Based on the research question:
- **Regression analysis:** Use `fixest` for panel data, `lm`/`glm` for cross-section
- **Standard errors:** Cluster at the appropriate level (document why)
- **Multiple specifications:** Start simple, progressively add controls
- **Effect sizes:** Report standardized effects alongside raw coefficients

### Phase 4: Publication-Ready Output

**Tables:**
- Use `modelsummary` for regression tables (preferred) or `stargazer`
- Include all standard elements: coefficients, SEs, significance stars, N, R-squared
- Export as `.tex` for LaTeX inclusion and `.html` for quick viewing

**Figures:**
- Use `ggplot2` with `ggthemes::theme_stata()`
- Set `bg = "transparent"` for Beamer compatibility
- Include proper axis labels (sentence case, units)
- Export with explicit dimensions: `ggsave(width = X, height = Y)`
- Save as both `.pdf` and `.png`

### Phase 5: Save and Review

1. `fst::write_fst()` for tabular data, `qs2::qs_save()` for model objects
2. Create `output/` subdirectories as needed with `dir.create(..., recursive = TRUE)`
3. Run the r-reviewer agent on the generated script:

```
Delegate to the r-reviewer agent:
"Review the script at code/[script_name].R"
```

4. Address any Critical or High issues from the review.

---

## Script Structure

Follow this template:

```r
# ============================================================
# [Descriptive Title]
# Author: [from project context]
# Purpose: [What this script does]
# Inputs: [Data files]
# Outputs: [Figures, tables, cached data]
# ============================================================

# 0. Setup ----
library(data.table)
library(fixest)
library(modelsummary)
library(ggplot2)
library(ggthemes)
library(here)
library(fst)
library(qs2)

dir.create(here("output", "analysis"), recursive = TRUE, showWarnings = FALSE)

# 1. Data Loading ----
# dt <- fread(here("data", "raw", "dataset.csv"), encoding = "UTF-8")

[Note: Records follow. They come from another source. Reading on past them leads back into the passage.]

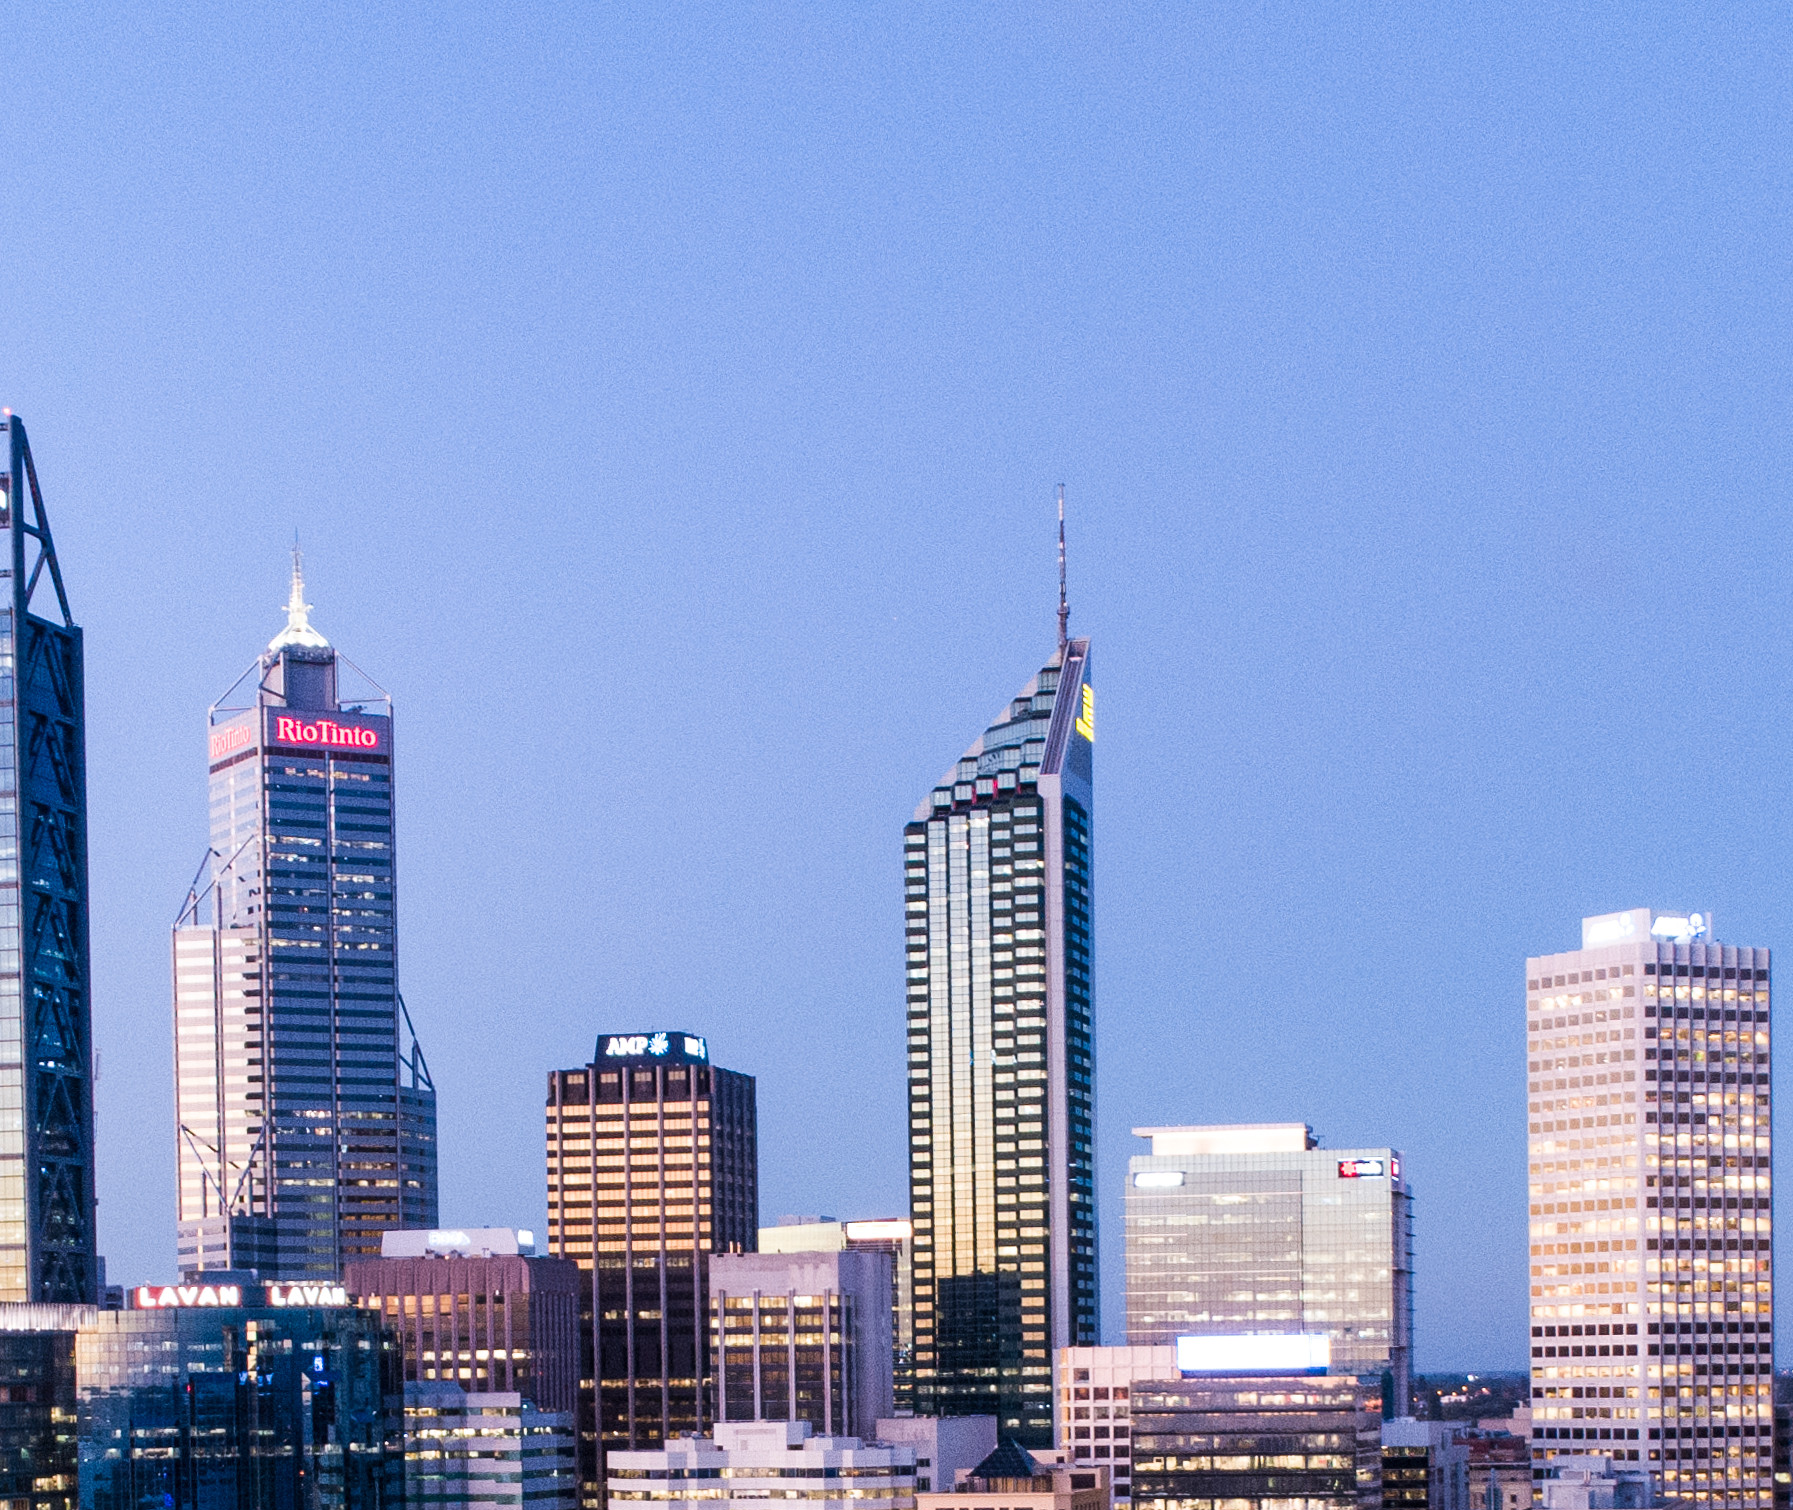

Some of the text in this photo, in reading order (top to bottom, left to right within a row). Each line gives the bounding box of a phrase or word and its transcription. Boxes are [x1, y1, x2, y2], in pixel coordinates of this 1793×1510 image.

[210, 725, 250, 757] RioTinto
[277, 716, 377, 747] RioTinto
[606, 1037, 648, 1056] AMP
[139, 1286, 239, 1306] LAVAN
[270, 1286, 346, 1306] LAVAN

# 2. Exploratory Analysis ----
# [Summary stats, diagnostic plots]

# 3. Main Analysis ----
set.seed(888)
# [Regressions, estimation — seed before any randomness step]

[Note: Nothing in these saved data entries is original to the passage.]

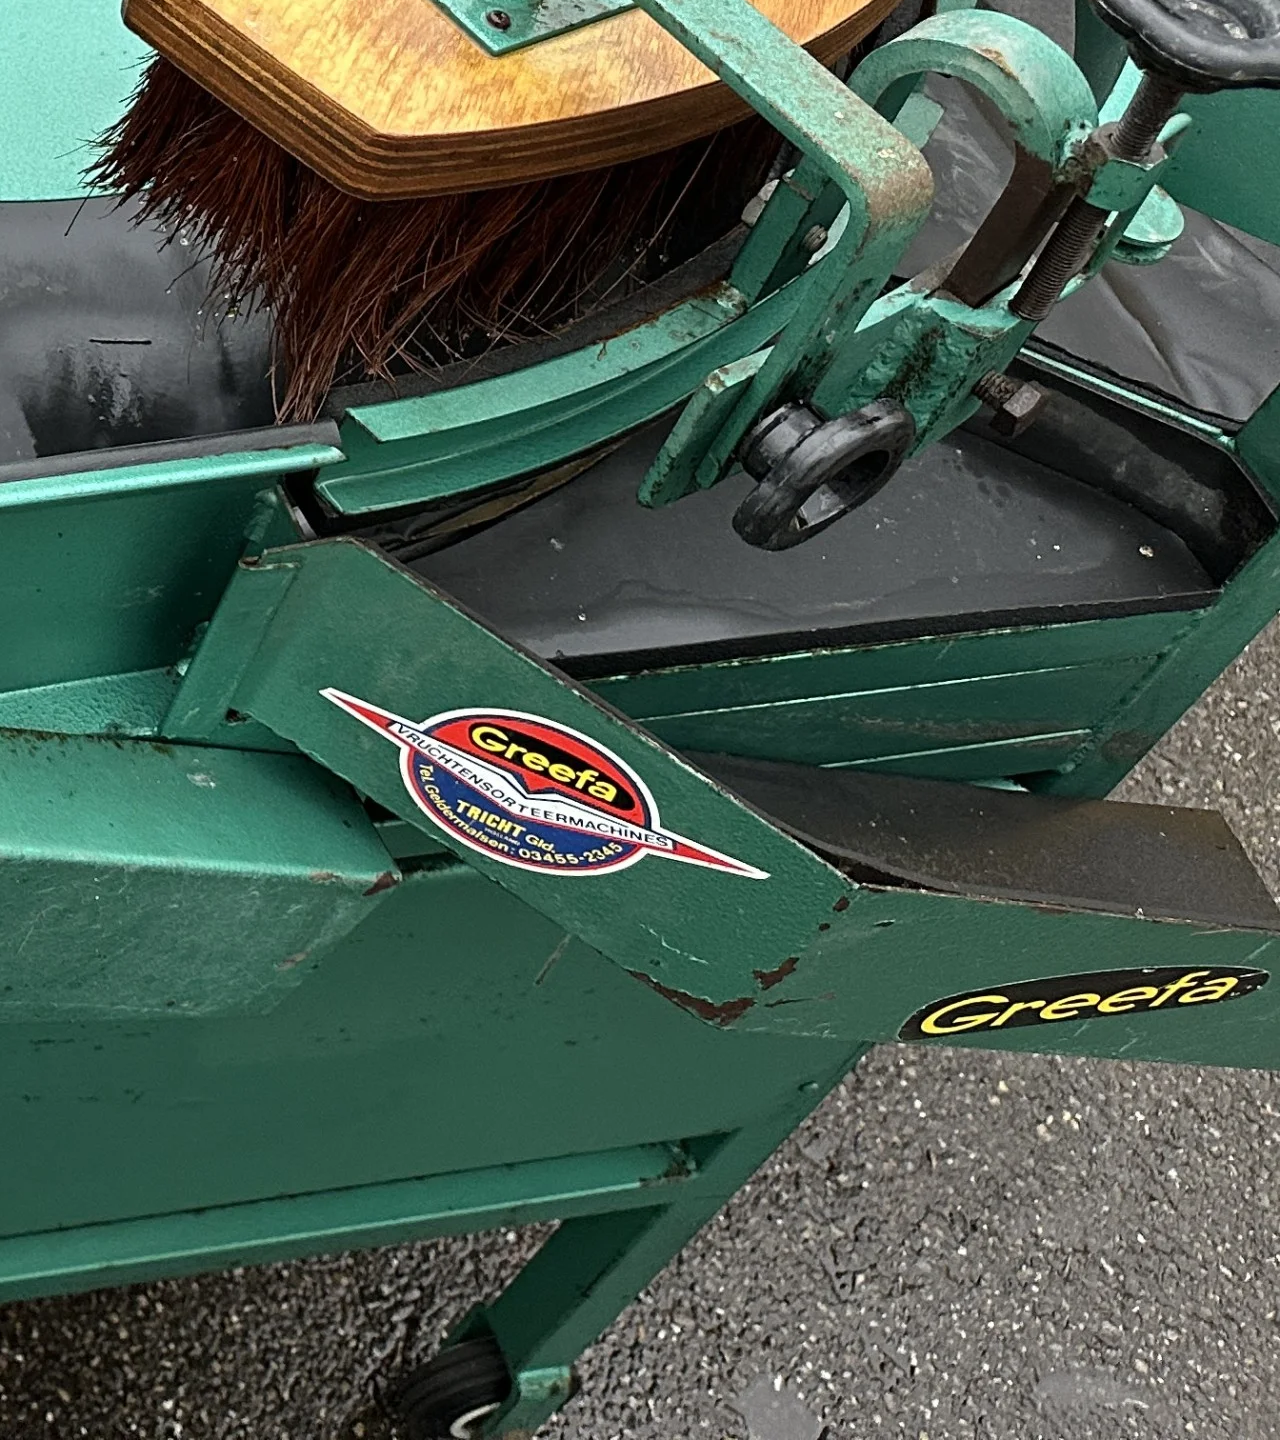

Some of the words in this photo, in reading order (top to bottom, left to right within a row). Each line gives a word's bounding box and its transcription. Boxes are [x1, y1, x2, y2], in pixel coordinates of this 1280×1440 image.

[397, 723, 669, 847] VRUCHTENSORTEERMACHINES
[472, 725, 618, 803] Greefa
[456, 798, 527, 836] TRICHT
[525, 833, 557, 854] Gld.
[518, 841, 624, 865] 03455-2345
[920, 971, 1239, 1034] Greefa

# 4. Tables and Figures ----
# [Publication-ready output with theme_stata()]

# 5. Export ----
# fst::write_fst(dt_results, here("output", "analysis", "results.fst"))
# qs2::qs_save(model_fit, here("output", "analysis", "model.qs2"))
# ggsave(here("output", "analysis", "figure.pdf"), width = 12, height = 5, bg = "transparent")
```

---

## Important

- **Reproduce, don't guess.** If the user specifies a regression, run exactly that.
- **Show your work.** Print summary statistics before jumping to regression.
- **Check for issues.** Look for multicollinearity, outliers, perfect prediction.
- **Use relative paths.** All paths relative to repository root.
- **Use `here::here()`.** All paths via `here()` for cross-platform compatibility.
- **No hardcoded values.** Use variables for sample restrictions, date ranges, etc.